The visibility afforded by the Datadog AWS integration was excellent. However, we still needed insights into how our application code was running. Here is where Application Performance Monitoring (APM) comes in handy. APM gives visibility to the actual code execution, including traces of slow responses, lists of errors, and flame graphs. We wanted to know how our code was running.

Unfortunately, the APM setup didn’t go nearly as smoothly for us as the AWS integration. We are primarily a PHP shop (Laravel specifically), and at the time, there was no easy-to-install APM tool for PHP.  

First, our Nginx configuration was outdated and needed to be updated. Once that was fixed, we still needed to have the AWS CLI command configured correctly in our Elastic Beanstalk environments to pull the DD app key from AWS Secrets Manager. Once that was set, we would pull down the script to run it as part of our platform deployment hooks. Unfortunately, in our initial attempts, we weren’t installing the agent at the right time in the bootup of our Beanstalk. (At the time, Datadog’s only instructions for Elastic Beanstalk used `.ebextensions,` so we were flying a little blind.) It turns out that the install script needed to be run in the last pre-deploy step. Once all of that was sorted out, we had this pre-deploy hook script:

echo "Installing Datadog Agent and Log Collection"
set -ev

# Setup Linux Agent
if ! command -v datadog-agent &> /dev/null; then
   # download datadog install script and give proper permissions and ownership
   curl -L https://s3.amazonaws.com/dd-agent/scripts/install_script_agent7.sh -o datadog_install_script.sh
   chown root:root datadog_install_script.sh
   chmod +x datadog_install_script.sh
   chmod 700 datadog_install_script.sh

   # copy datadog.yaml to /etc/datadog-agent/datadog.yaml and give proper permissions and ownership
   mkdir -p /etc/datadog-agent
   cp .platform/hooks/predeploy/datadog/datadog.yaml /etc/datadog-agent/datadog.yaml
   chown root:root /etc/datadog-agent/datadog.yaml
   chmod 640 /etc/datadog-agent/datadog.yaml

   # get datadog secret information from AWS Secrets Manager
   DD_SECRET=$(aws secretsmanager get-secret-value --secret-id $DATADOG_SECRET_ARN --query SecretString --output text --region us-east-2)

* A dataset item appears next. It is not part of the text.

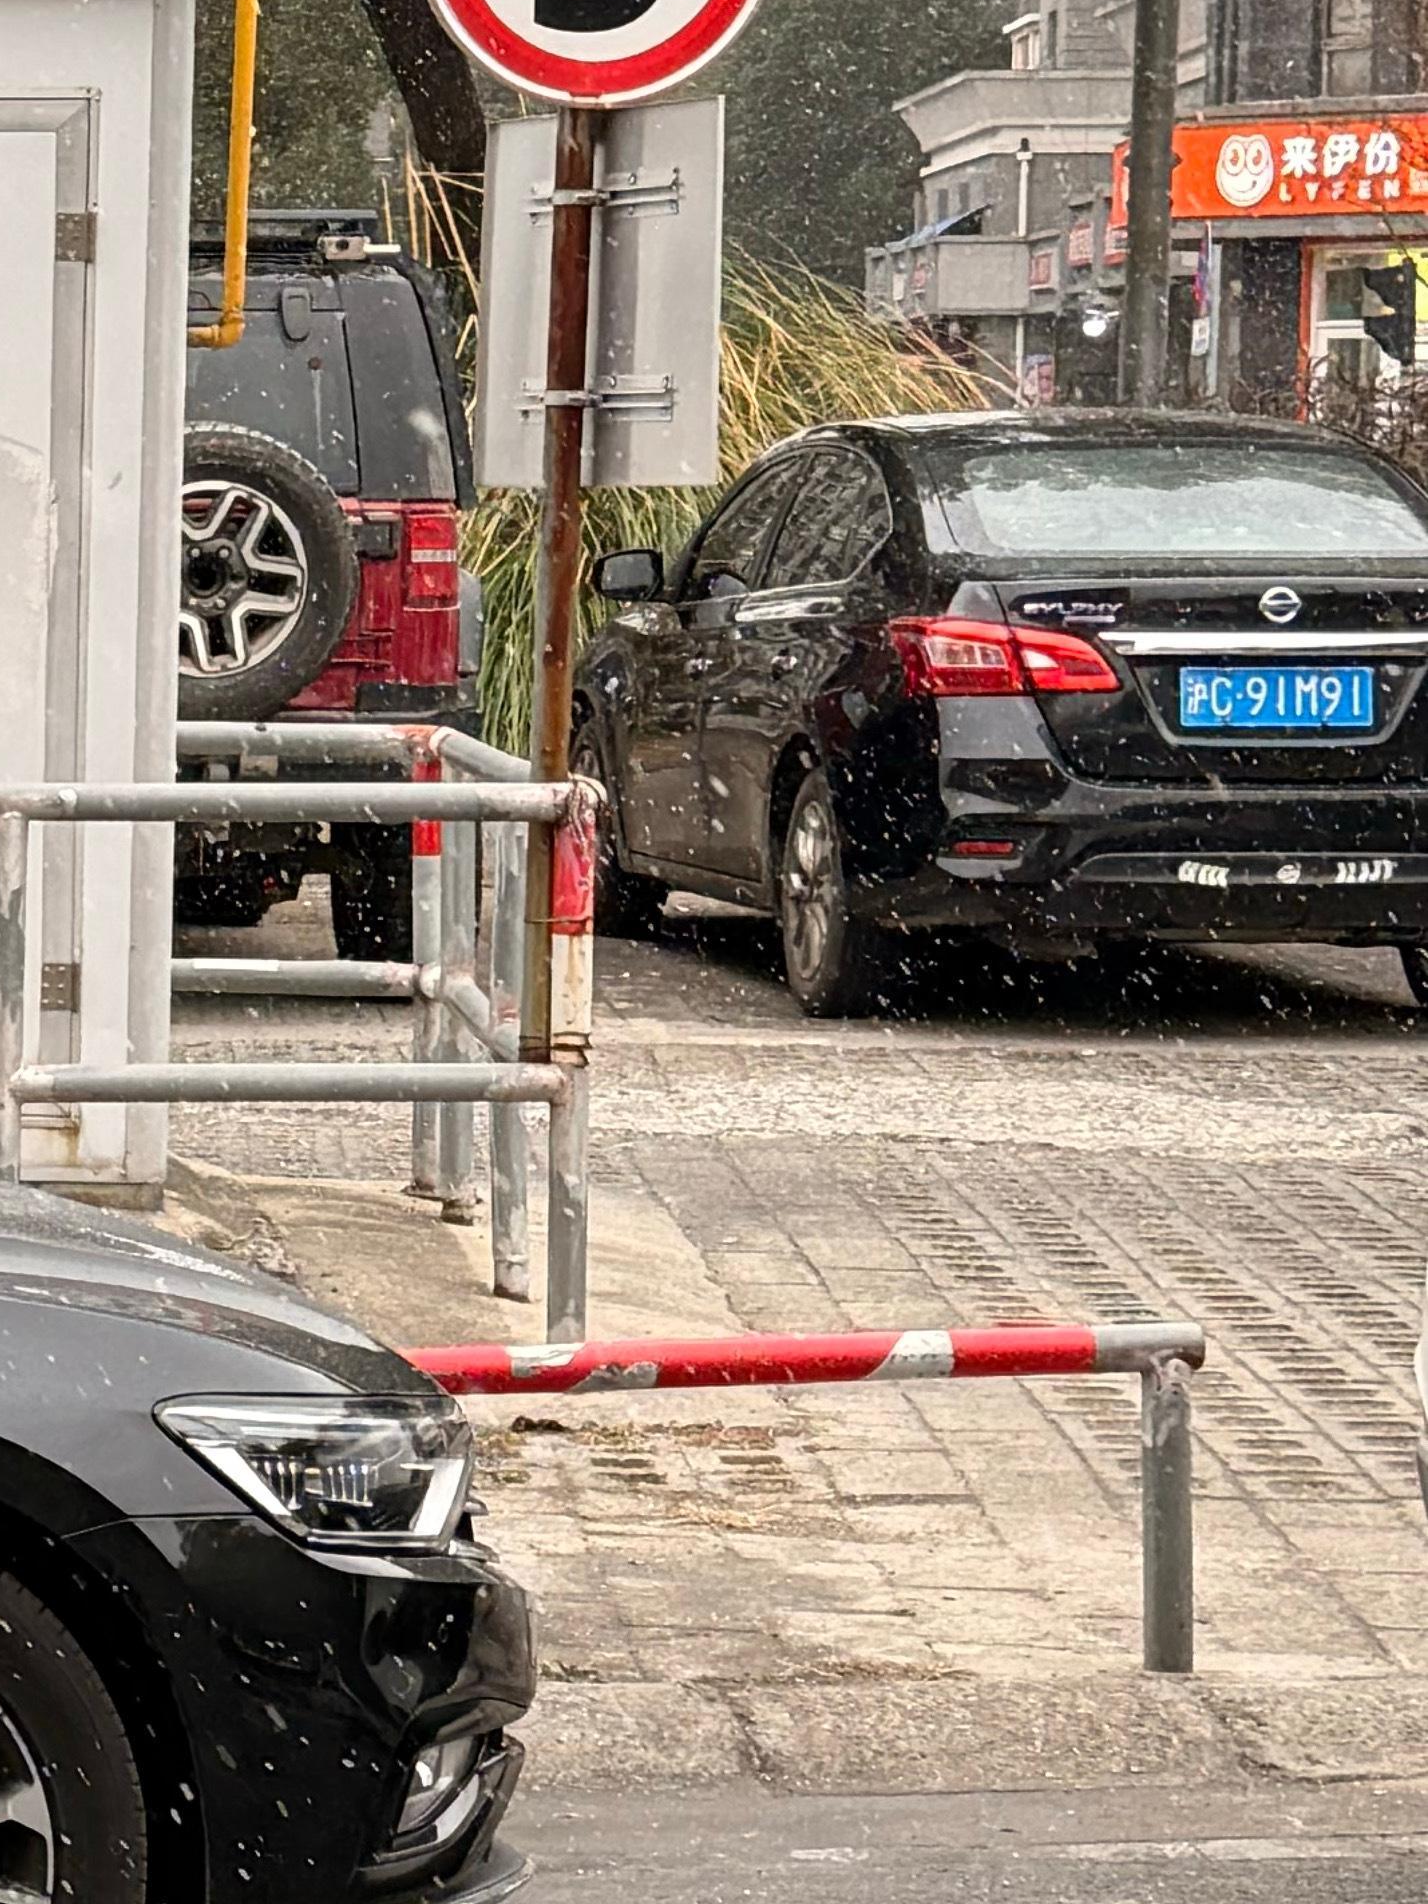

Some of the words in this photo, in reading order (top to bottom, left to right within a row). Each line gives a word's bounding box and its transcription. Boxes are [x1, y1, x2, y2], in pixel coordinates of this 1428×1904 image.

   # export datadog agent version as environment variables

   # export datadog secret information as environment variables
   DD_API_KEY=$(jq -r ".DD_API_KEY" <<< $DD_SECRET) && export DD_API_KEY=$DD_API_KEY
   DD_SITE=$(jq -r ".DD_SITE" <<< $DD_SECRET) && export DD_SITE=$DD_SITE

   # Add proper API key to datadog.yaml and enable logs
   sed -i "s/DD_API_KEY/$DD_API_KEY/" /etc/datadog-agent/datadog.yaml
   sed 's/# logs_enabled: false/logs_enabled: true/' -i /etc/datadog-agent/datadog.yaml

   # Copy datadog-agent directory to /etc/datadog-agent.d so logs can be collected
   rsync -a .platform/hooks/predeploy/datadog/datadog-agent/ /etc/datadog-agent/conf.d/

   # Run install script
   DD_API_KEY=unused /var/app/staging/datadog_install_script.sh; sed -i 's/ install_script/ ebs_install_script/' /etc/datadog-agent/install_info

   echo "Datadog Agent and Log Collection installed"
   echo "DataDog Agent and Log Collection already installed!"

# Setup PHP APM
if [ ! -f /etc/php.d/98-ddtrace.ini ]; then
   # Install datadog php extension
   curl -LO https://github.com/DataDog/dd-trace-php/releases/latest/download/datadog-setup.php
   php datadog-setup.php --php-bin=all --enable-profiling

   # Restart php-fpm so extension is loaded
   sudo systemctl restart php-fpm
   echo "DataDog APM Extension already installed!"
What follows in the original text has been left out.